• [Exercise aim] Output each line of the listing that follows, with every character kept as it is.
Top of Data for this exercise
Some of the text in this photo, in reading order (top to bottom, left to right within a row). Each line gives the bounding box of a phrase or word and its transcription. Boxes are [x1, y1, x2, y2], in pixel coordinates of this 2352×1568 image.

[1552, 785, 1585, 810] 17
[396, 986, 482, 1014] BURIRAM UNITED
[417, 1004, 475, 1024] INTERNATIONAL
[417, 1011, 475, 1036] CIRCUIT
Bottom of Data for this exercise
• [Exercise solution]
Some of the text in this photo, in reading order (top to bottom, left to right within a row). Each line gives the bounding box of a phrase or word and its transcription. Boxes are [x1, y1, x2, y2], in pixel coordinates of this 2352×1568 image.

[1552, 785, 1585, 810] 17
[396, 986, 482, 1014] BURIRAM UNITED
[417, 1004, 475, 1024] INTERNATIONAL
[417, 1011, 475, 1036] CIRCUIT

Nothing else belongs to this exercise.